The complete example can be downloaded from GitHub
Complete Example for quick reference
package com.sparkbyexamples.spark.dataframe.functions.datetime
import org.apache.spark.sql.SparkSession
import org.apache.spark.sql.functions._
import org.apache.spark.sql.types.LongType
object StringToTimestamp extends App {
val spark:SparkSession = SparkSession.builder()
.master("local")
.appName("SparkByExamples.com")
.getOrCreate()
spark.sparkContext.setLogLevel("ERROR")
import spark.sqlContext.implicits._
//String to timestamps
val df = Seq(("2019-07-01 12:01:19.000"),
("2019-06-24 12:01:19.000"),
("2019-11-16 16:44:55.406"),
("2019-11-16 16:50:59.406")).toDF("input_timestamp")
df.withColumn("datetype_timestamp",
to_timestamp(col("input_timestamp")))
.printSchema()
//Convert string to timestamp when input string has just time
val df1 = Seq(("12:01:19.345"),
("12:01:20.567"),
("16:02:44.406"),
("16:50:59.406"))
.toDF("input_timestamp")
df1.withColumn("datetype_timestamp",
to_timestamp(col("input_timestamp"),"HH:mm:ss.SSS"))
.show(false)
//when dates are not in Spark DateType format 'yyyy-MM-dd HH:mm:ss.SSS'.
//Note that when dates are not in Spark DateType format, all Spark functions returns null
//Hence, first convert the input dates to Spark DateType using to_timestamp function
val dfDate = Seq(("07-01-2019 12 01 19 406"),
("06-24-2019 12 01 19 406"),
("11-16-2019 16 44 55 406"),
("11-16-2019 16 50 59 406")).toDF("input_timestamp")

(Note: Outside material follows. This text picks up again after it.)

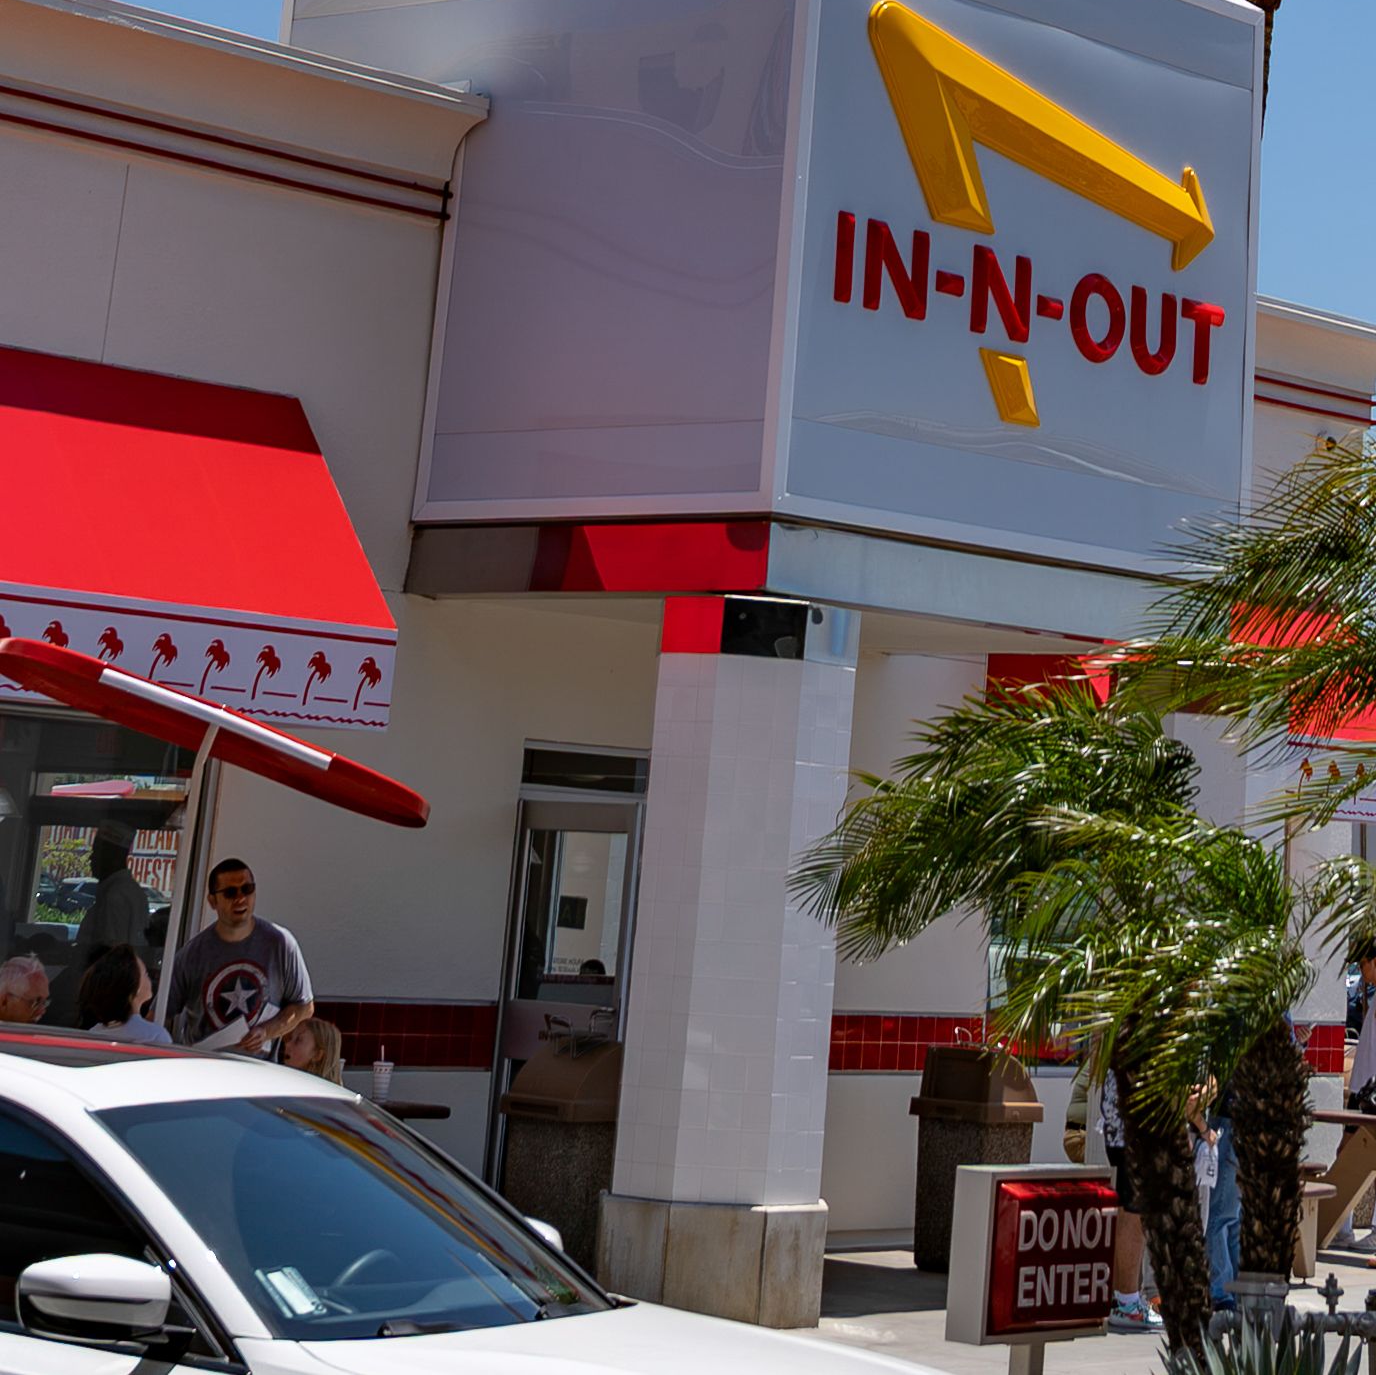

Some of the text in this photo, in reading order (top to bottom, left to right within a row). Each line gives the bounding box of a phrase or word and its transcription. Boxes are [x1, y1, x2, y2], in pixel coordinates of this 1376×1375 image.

dfDate.withColumn("datetype_timestamp",
to_timestamp(col("input_timestamp"),"MM-dd-yyyy HH mm ss SSS"))
.show(false)
}
Happy Learning !!
In each of these examples the milliseconds have been lost, with no mention of why. the to_timestamp description at the beginning of the article specifies the SSS to represent the milliseconds.
Why are the milliseconds lost in each case?
how do I just return yyyy-mm-dd hh:mm from a timestamp field? no matter what I do it either returns null or append 00 as seconds to it
Yes, the disappearance of the milliseconds is a problem. One forum claims this is fixed for Spark 2.4+, but still there I also lose ms. Anyone knows how to fix this?